:: What needs to be done ::
Give back every line of the material exactly. Skip the pictures.

* * * *

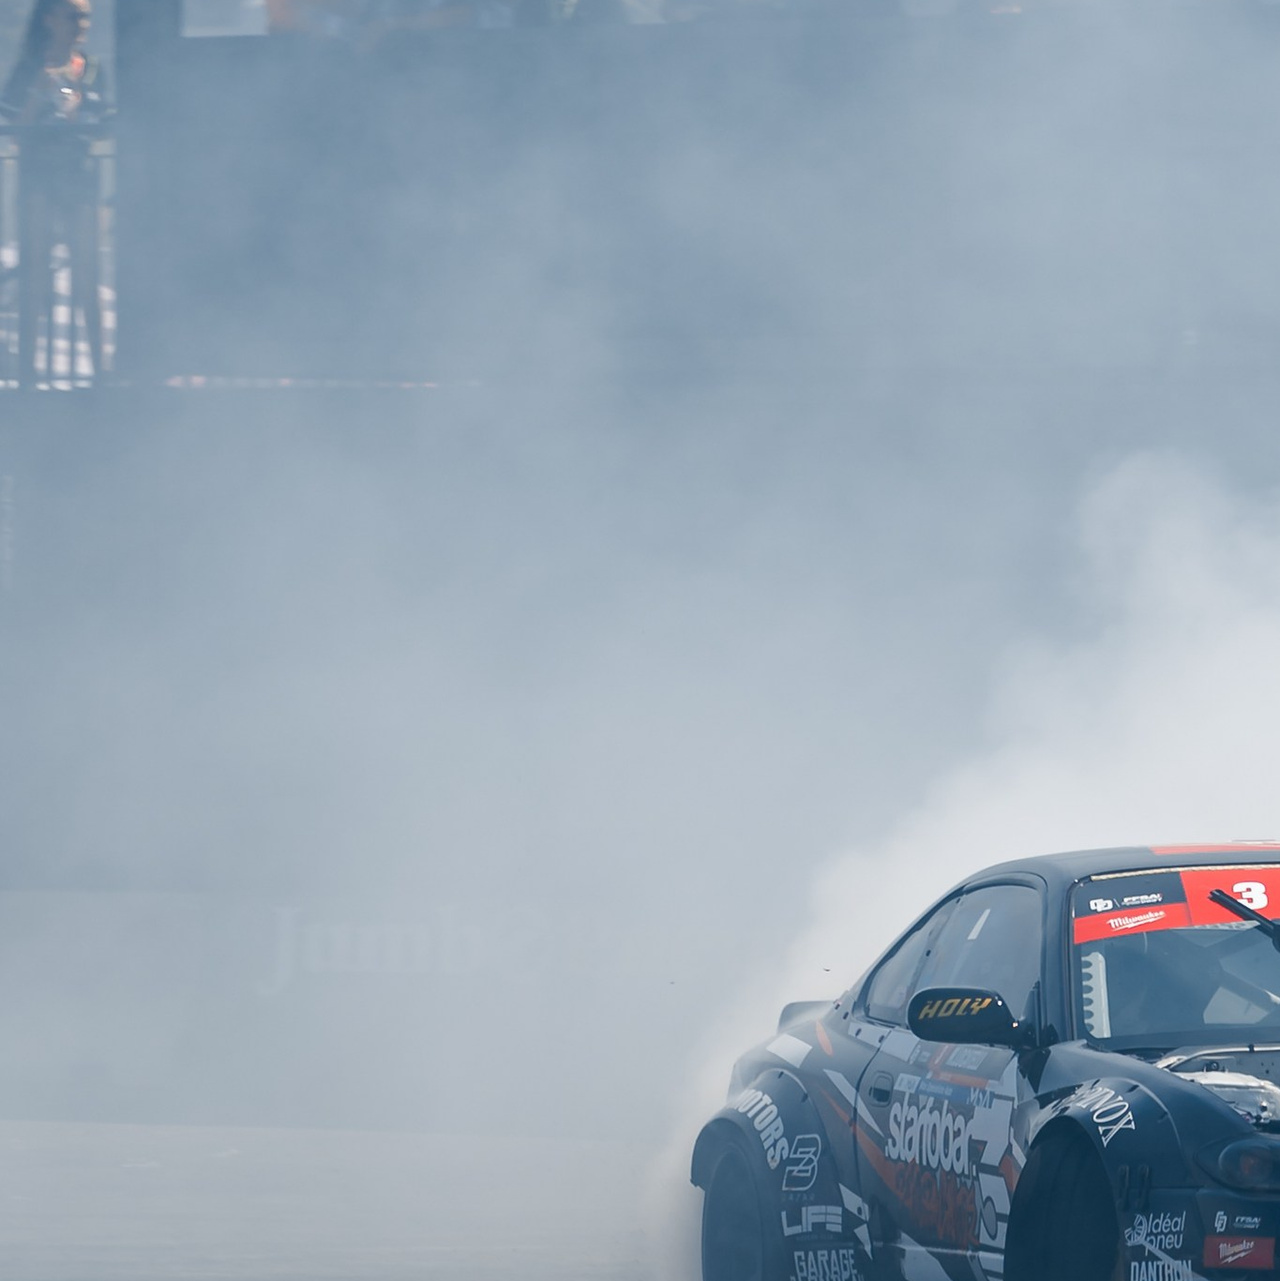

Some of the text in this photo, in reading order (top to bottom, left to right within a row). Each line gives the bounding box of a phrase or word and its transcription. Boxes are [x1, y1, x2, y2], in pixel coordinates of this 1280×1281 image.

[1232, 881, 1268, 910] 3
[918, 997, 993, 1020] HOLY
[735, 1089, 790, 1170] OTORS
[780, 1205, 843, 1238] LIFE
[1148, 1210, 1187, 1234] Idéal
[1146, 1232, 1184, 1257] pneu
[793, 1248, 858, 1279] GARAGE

* * * *

:: Solution to this problem ::
Some of the text in this photo, in reading order (top to bottom, left to right within a row). Each line gives the bounding box of a phrase or word and its transcription. Boxes are [x1, y1, x2, y2], in pixel coordinates of this 1280×1281 image.

[1232, 881, 1268, 910] 3
[918, 997, 993, 1020] HOLY
[735, 1089, 790, 1170] OTORS
[780, 1205, 843, 1238] LIFE
[1148, 1210, 1187, 1234] Idéal
[1146, 1232, 1184, 1257] pneu
[793, 1248, 858, 1279] GARAGE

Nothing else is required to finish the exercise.